(Free-text object descriptions)
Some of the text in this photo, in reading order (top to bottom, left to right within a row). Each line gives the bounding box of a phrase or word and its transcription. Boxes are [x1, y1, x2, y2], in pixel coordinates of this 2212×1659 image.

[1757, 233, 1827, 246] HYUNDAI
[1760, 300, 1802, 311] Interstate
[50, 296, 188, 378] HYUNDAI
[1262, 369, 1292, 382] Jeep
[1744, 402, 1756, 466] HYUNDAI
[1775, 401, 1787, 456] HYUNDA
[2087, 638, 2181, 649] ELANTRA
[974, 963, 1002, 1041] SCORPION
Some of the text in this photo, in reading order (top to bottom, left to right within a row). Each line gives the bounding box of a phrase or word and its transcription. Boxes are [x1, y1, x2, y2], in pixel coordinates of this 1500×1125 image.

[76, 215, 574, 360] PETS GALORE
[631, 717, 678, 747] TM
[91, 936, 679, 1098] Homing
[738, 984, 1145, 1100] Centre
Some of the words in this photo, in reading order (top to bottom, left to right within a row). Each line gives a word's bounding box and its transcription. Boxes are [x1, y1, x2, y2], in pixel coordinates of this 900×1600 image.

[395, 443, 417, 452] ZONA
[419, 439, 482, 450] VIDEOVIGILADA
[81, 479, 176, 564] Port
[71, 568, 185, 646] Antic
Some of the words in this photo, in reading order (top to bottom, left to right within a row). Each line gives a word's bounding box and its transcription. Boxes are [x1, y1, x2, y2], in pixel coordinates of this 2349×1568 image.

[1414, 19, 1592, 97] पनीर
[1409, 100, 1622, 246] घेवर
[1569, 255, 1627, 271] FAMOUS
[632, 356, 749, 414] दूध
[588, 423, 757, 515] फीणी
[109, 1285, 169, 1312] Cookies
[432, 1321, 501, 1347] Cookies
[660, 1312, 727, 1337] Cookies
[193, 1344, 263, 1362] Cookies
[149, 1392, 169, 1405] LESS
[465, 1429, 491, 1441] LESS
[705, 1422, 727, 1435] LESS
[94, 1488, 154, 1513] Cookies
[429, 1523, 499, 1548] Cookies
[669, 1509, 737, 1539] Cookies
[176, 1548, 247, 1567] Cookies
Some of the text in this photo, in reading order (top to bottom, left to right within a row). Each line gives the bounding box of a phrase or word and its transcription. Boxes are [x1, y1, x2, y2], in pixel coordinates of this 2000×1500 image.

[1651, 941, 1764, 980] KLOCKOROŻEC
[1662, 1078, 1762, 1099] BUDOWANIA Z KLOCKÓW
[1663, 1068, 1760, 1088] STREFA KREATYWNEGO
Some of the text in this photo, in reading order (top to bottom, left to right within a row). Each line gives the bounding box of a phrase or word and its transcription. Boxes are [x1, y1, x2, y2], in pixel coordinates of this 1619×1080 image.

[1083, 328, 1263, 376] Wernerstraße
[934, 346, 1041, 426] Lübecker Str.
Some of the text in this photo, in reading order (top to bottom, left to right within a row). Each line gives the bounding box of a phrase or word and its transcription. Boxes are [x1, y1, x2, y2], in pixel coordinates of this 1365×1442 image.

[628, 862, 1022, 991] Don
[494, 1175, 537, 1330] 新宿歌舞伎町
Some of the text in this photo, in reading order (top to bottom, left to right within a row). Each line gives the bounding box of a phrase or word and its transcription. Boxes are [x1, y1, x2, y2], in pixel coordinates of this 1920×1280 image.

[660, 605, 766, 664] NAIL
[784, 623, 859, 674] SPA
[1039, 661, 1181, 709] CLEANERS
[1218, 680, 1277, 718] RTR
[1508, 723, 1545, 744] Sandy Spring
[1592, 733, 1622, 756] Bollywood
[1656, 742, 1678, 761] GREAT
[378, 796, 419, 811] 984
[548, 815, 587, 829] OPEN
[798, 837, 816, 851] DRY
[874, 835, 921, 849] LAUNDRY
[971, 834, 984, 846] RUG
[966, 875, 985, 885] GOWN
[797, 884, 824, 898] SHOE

- [PROBLEM DESCRIPTION]:
The full data must appear again, retyped in every detail.

- [ANSWER SECTION]:
Some of the text in this photo, in reading order (top to bottom, left to right within a row). Each line gives the bounding box of a phrase or word and its transcription. Boxes are [x1, y1, x2, y2], in pixel coordinates of this 2212×1659 image.

[1757, 233, 1827, 246] HYUNDAI
[1760, 300, 1802, 311] Interstate
[50, 296, 188, 378] HYUNDAI
[1262, 369, 1292, 382] Jeep
[1744, 402, 1756, 466] HYUNDAI
[1775, 401, 1787, 456] HYUNDA
[2087, 638, 2181, 649] ELANTRA
[974, 963, 1002, 1041] SCORPION
Some of the text in this photo, in reading order (top to bottom, left to right within a row). Each line gives the bounding box of a phrase or word and its transcription. Boxes are [x1, y1, x2, y2], in pixel coordinates of this 1500×1125 image.

[76, 215, 574, 360] PETS GALORE
[631, 717, 678, 747] TM
[91, 936, 679, 1098] Homing
[738, 984, 1145, 1100] Centre
Some of the words in this photo, in reading order (top to bottom, left to right within a row). Each line gives a word's bounding box and its transcription. Boxes are [x1, y1, x2, y2], in pixel coordinates of this 900×1600 image.

[395, 443, 417, 452] ZONA
[419, 439, 482, 450] VIDEOVIGILADA
[81, 479, 176, 564] Port
[71, 568, 185, 646] Antic
Some of the words in this photo, in reading order (top to bottom, left to right within a row). Each line gives a word's bounding box and its transcription. Boxes are [x1, y1, x2, y2], in pixel coordinates of this 2349×1568 image.

[1414, 19, 1592, 97] पनीर
[1409, 100, 1622, 246] घेवर
[1569, 255, 1627, 271] FAMOUS
[632, 356, 749, 414] दूध
[588, 423, 757, 515] फीणी
[109, 1285, 169, 1312] Cookies
[432, 1321, 501, 1347] Cookies
[660, 1312, 727, 1337] Cookies
[193, 1344, 263, 1362] Cookies
[149, 1392, 169, 1405] LESS
[465, 1429, 491, 1441] LESS
[705, 1422, 727, 1435] LESS
[94, 1488, 154, 1513] Cookies
[429, 1523, 499, 1548] Cookies
[669, 1509, 737, 1539] Cookies
[176, 1548, 247, 1567] Cookies
Some of the text in this photo, in reading order (top to bottom, left to right within a row). Each line gives the bounding box of a phrase or word and its transcription. Boxes are [x1, y1, x2, y2], in pixel coordinates of this 2000×1500 image.

[1651, 941, 1764, 980] KLOCKOROŻEC
[1662, 1078, 1762, 1099] BUDOWANIA Z KLOCKÓW
[1663, 1068, 1760, 1088] STREFA KREATYWNEGO
Some of the text in this photo, in reading order (top to bottom, left to right within a row). Each line gives the bounding box of a phrase or word and its transcription. Boxes are [x1, y1, x2, y2], in pixel coordinates of this 1619×1080 image.

[1083, 328, 1263, 376] Wernerstraße
[934, 346, 1041, 426] Lübecker Str.
Some of the text in this photo, in reading order (top to bottom, left to right within a row). Each line gives the bounding box of a phrase or word and its transcription. Boxes are [x1, y1, x2, y2], in pixel coordinates of this 1365×1442 image.

[628, 862, 1022, 991] Don
[494, 1175, 537, 1330] 新宿歌舞伎町
Some of the text in this photo, in reading order (top to bottom, left to right within a row). Each line gives the bounding box of a phrase or word and its transcription. Boxes are [x1, y1, x2, y2], in pixel coordinates of this 1920×1280 image.

[660, 605, 766, 664] NAIL
[784, 623, 859, 674] SPA
[1039, 661, 1181, 709] CLEANERS
[1218, 680, 1277, 718] RTR
[1508, 723, 1545, 744] Sandy Spring
[1592, 733, 1622, 756] Bollywood
[1656, 742, 1678, 761] GREAT
[378, 796, 419, 811] 984
[548, 815, 587, 829] OPEN
[798, 837, 816, 851] DRY
[874, 835, 921, 849] LAUNDRY
[971, 834, 984, 846] RUG
[966, 875, 985, 885] GOWN
[797, 884, 824, 898] SHOE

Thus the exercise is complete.